RIAA GOES FISHING FOR CARP

Record-Biz Reps Ask D.C. Help In Struggle With Publishers Over Online Music Royalties
By Simon Glickman and David Simutis

Asserting that uncertainty related to copyright law and royalty requirements is impeding the establishment of legitimate music subscription services, the RIAA has filed a petition asking the U.S. Copyright Office to step in.

The industry association has asked the U.S. Copyright Office to set rulemaking talks in motion and, if necessary, convene a Copyright Arbitration Royalty Panel (CARP) to determine royalty rates for music delivered digitally on a subscription basis.

The move arises out of a perceived stalemate in discussions between the record-industry organization and the National Music Publishers Association (NMPA); though the RIAA insists talks are ongoing, it's clear that hopes are not high for a negotiated settlement without government involvement.

"We will proceed to a regulatory process to establish the mechanical royalty obligations of record companies if a business solution for new online subscription services cannot be negotiated in the near future," declared RIAA head Hilary Rosen. "Our highest priority is enabling these new services to launch as soon as practicable."

The RIAA's petition reflects widespread frustration with publishers' demands regarding online music.

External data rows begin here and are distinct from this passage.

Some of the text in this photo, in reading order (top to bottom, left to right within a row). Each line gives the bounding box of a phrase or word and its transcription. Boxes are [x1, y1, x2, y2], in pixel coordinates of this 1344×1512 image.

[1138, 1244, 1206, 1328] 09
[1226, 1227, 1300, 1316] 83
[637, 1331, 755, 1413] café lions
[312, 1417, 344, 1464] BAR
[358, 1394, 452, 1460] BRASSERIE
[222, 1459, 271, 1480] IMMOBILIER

Internet music companies have expressed the belief that unless reasonable royalty rates are set up for digital delivery, publishers' percentages alone—even under ideal market conditions—could sink their businesses.

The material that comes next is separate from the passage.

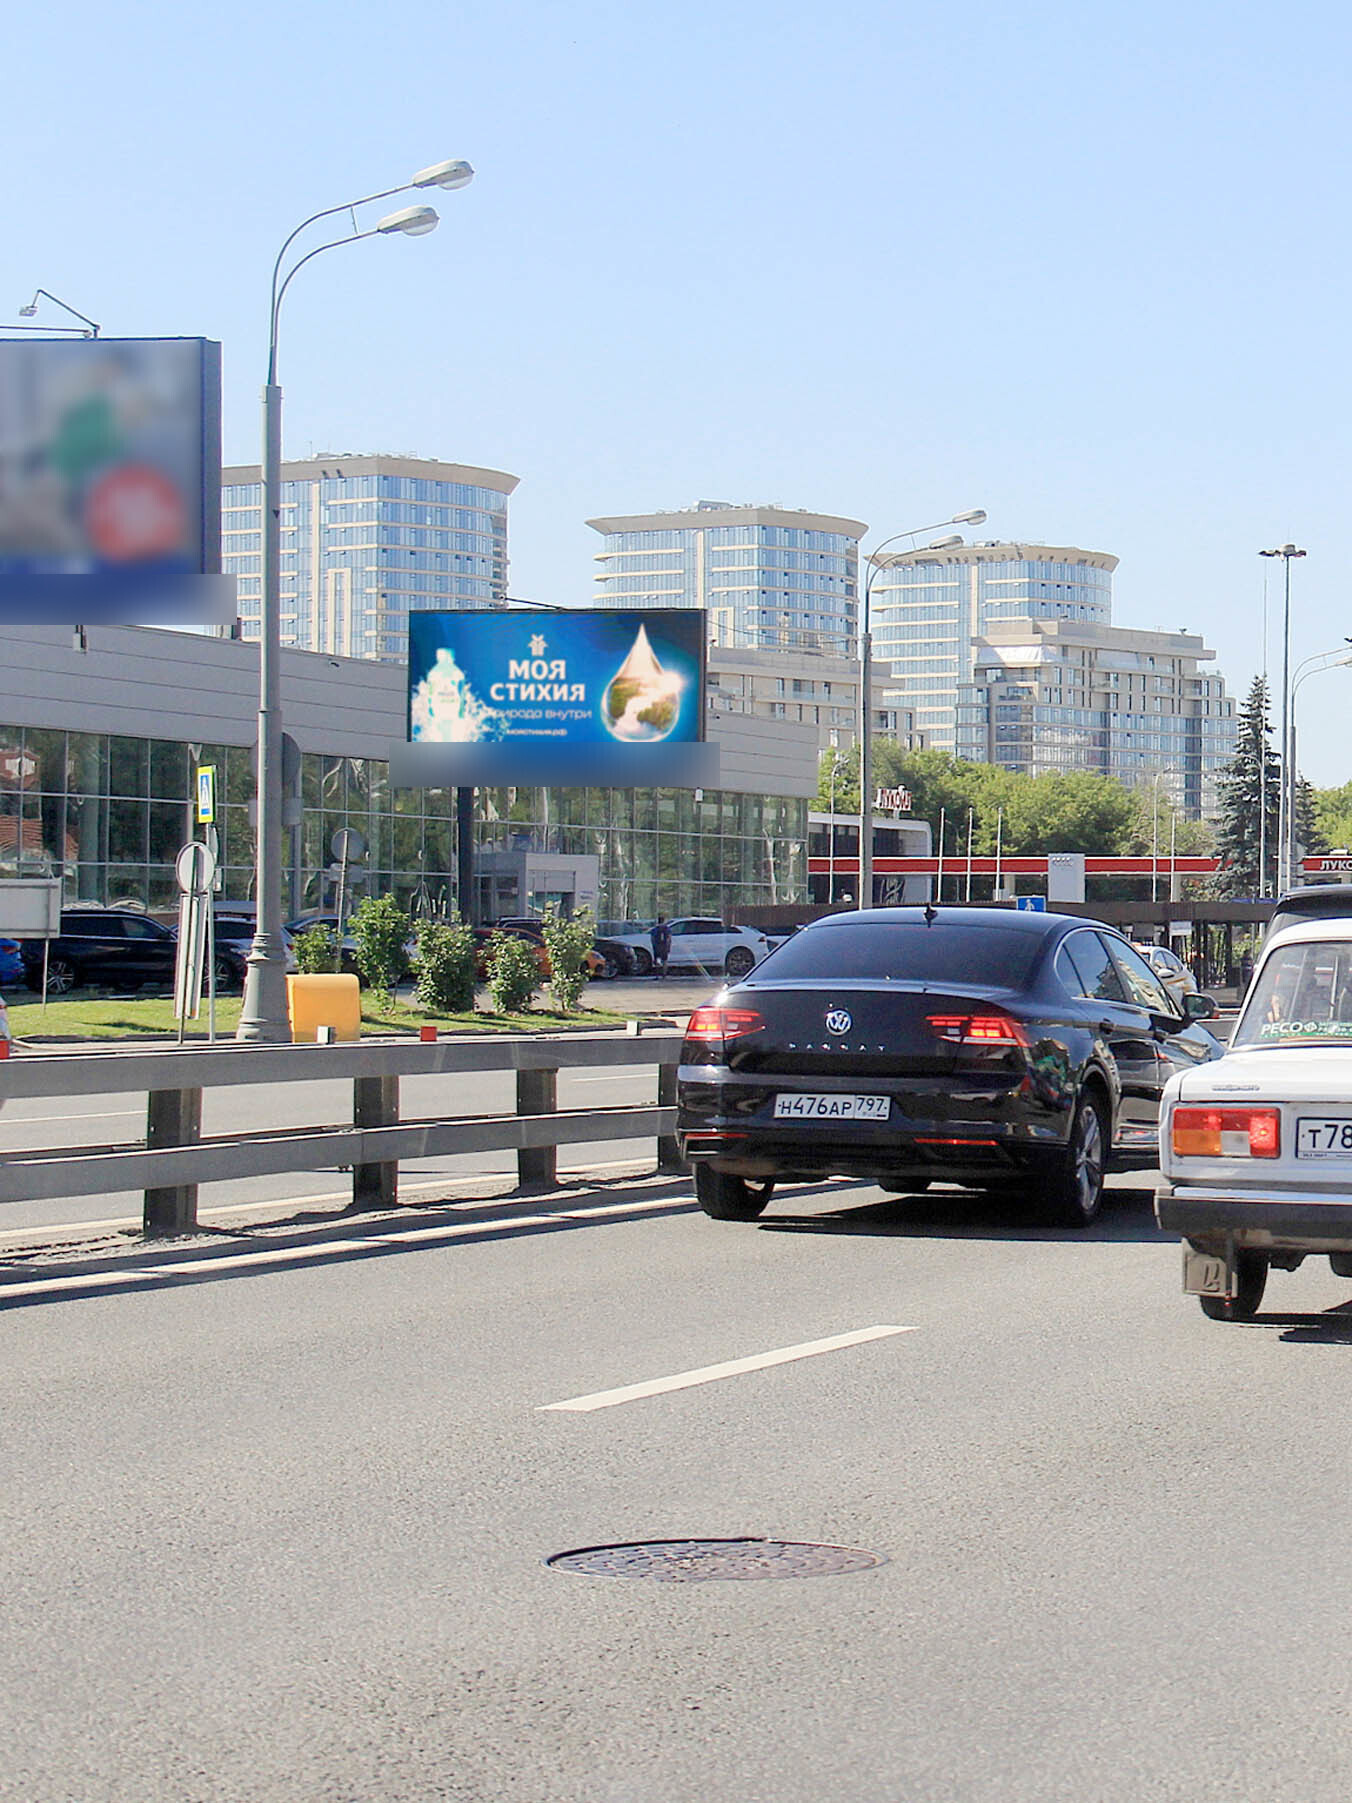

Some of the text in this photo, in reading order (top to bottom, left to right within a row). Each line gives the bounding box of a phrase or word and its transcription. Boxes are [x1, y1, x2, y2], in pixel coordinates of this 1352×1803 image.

At the heart of the conflict is the definition of the streamed song as a performance or a mechanical in terms of payment. Publishers want a 7.55-cent mechanical rate for streamed music because the streamed song momentarily resides on a user's hard drive before being played. Labels and netcos are dismayed by this attempt to equate a temporary copy of a transient music file with a hard-good music product.

Internet music providers see streamed music—except under very special circumstances—as equivalent to radio and therefore reasonably subject to a similar compulsory blanket license. The RIAA asserts in its petition that either a compulsory license or a license equivalent to a "rental, lease or lending" agreement would be appropriate.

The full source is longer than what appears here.